Harry gives me a quizzical look.
“Scarborough’s book, the language of slavery, the fact that this was still in the Constitution-these were known facts,” I tell him, “though not generally items of controversy until Scarborough mainlined them, put them up on a marquee, at which time they stirred up riots around the country.”
“So?”
“So people often don’t pay much attention to government until it hits them in the head like a two-by-four. Scarborough spelled it out in big letters, the continuing stigma, the national insult. If the letter is as explosive as he believed, there’s no telling what kind of fires it might ignite if it were published, especially in the kind of flammable prose used by Terry Scarborough.

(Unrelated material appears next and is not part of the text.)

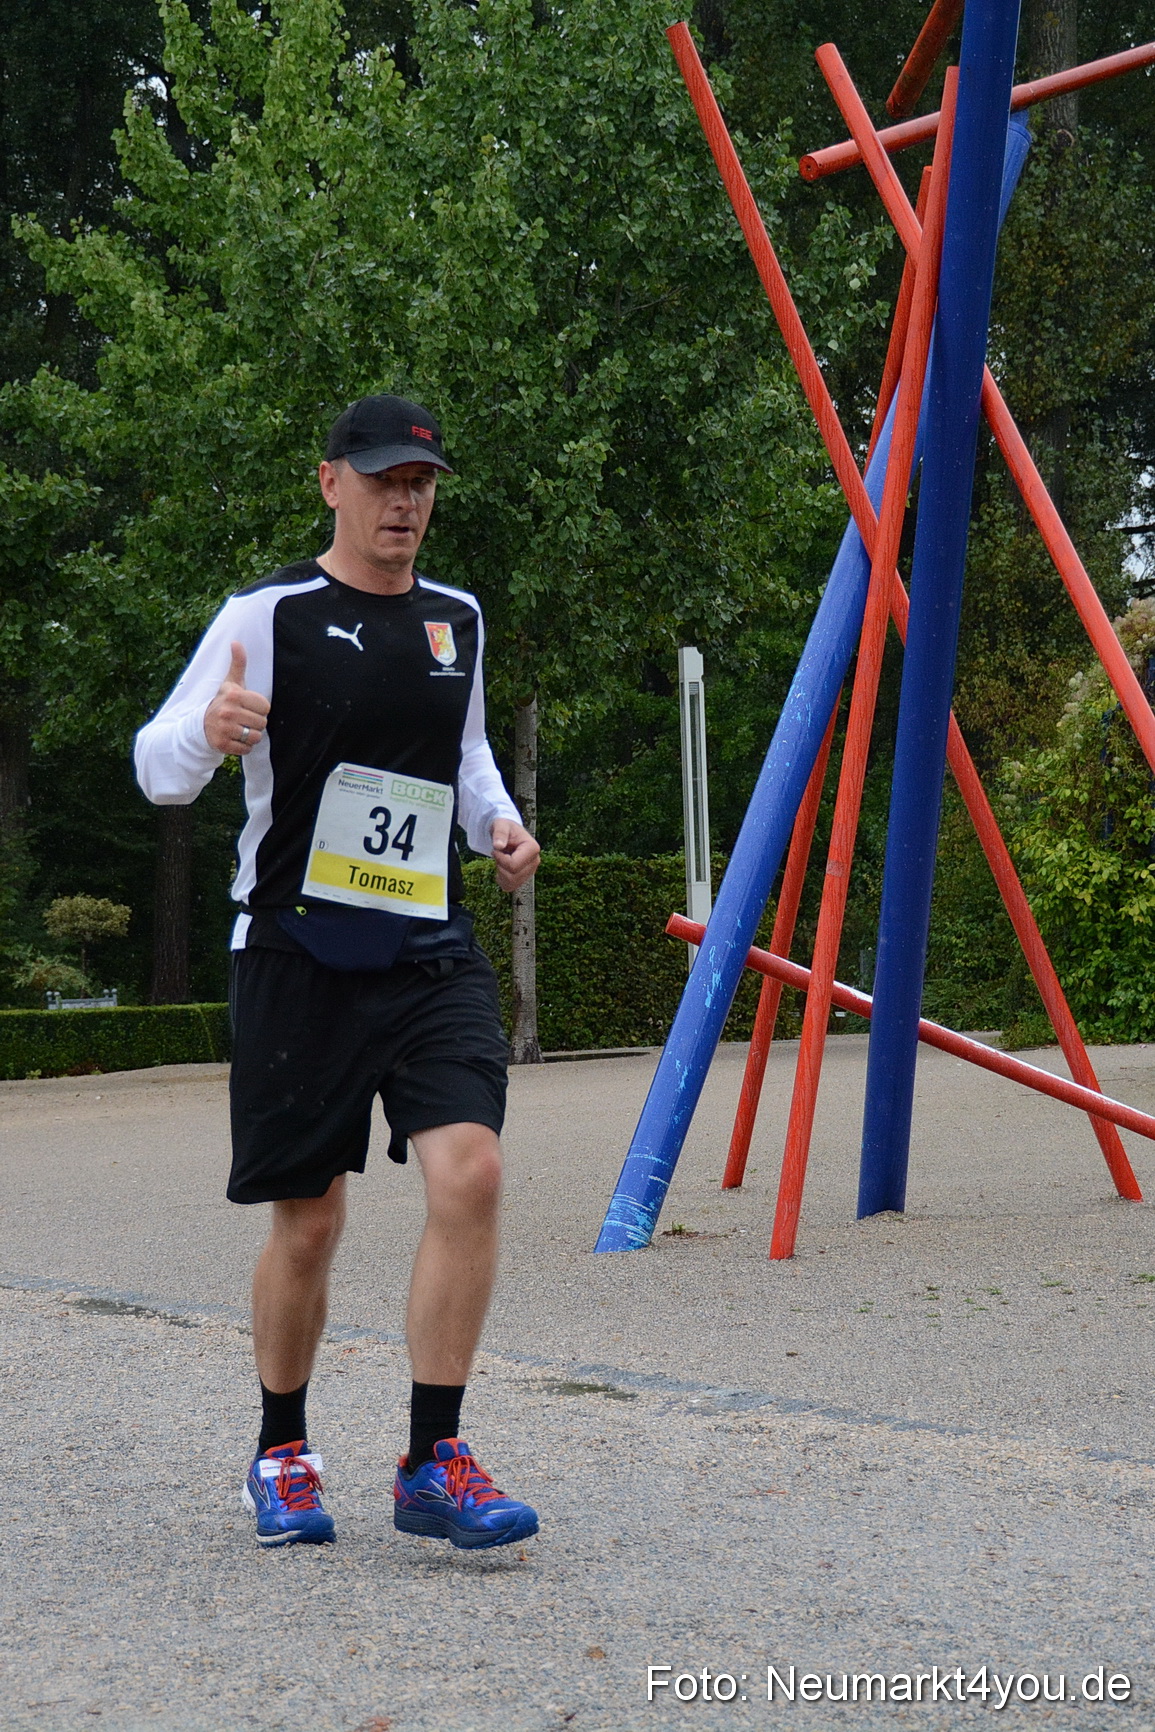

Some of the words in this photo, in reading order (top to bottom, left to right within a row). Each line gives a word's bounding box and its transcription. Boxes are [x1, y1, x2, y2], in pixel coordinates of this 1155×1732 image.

Not some dry scholarly work but a racial call to arms.”
“In which case it wouldn’t matter whether he had the original of the letter or a copy,” says Harry.
“Exactly.”
“But who would kill him for that?”
“Not our client,” I tell him.
“No,” says Harry. “Probably not.”
Harry and I have had our share of high-profile cases, but this one, tinged as it is by the issue of race, possesses an explosive quality all its own. To the extent possible, I have avoided the media, for there are obvious pitfalls here, questions the answers to which can be twisted to fit a dozen different political agendas.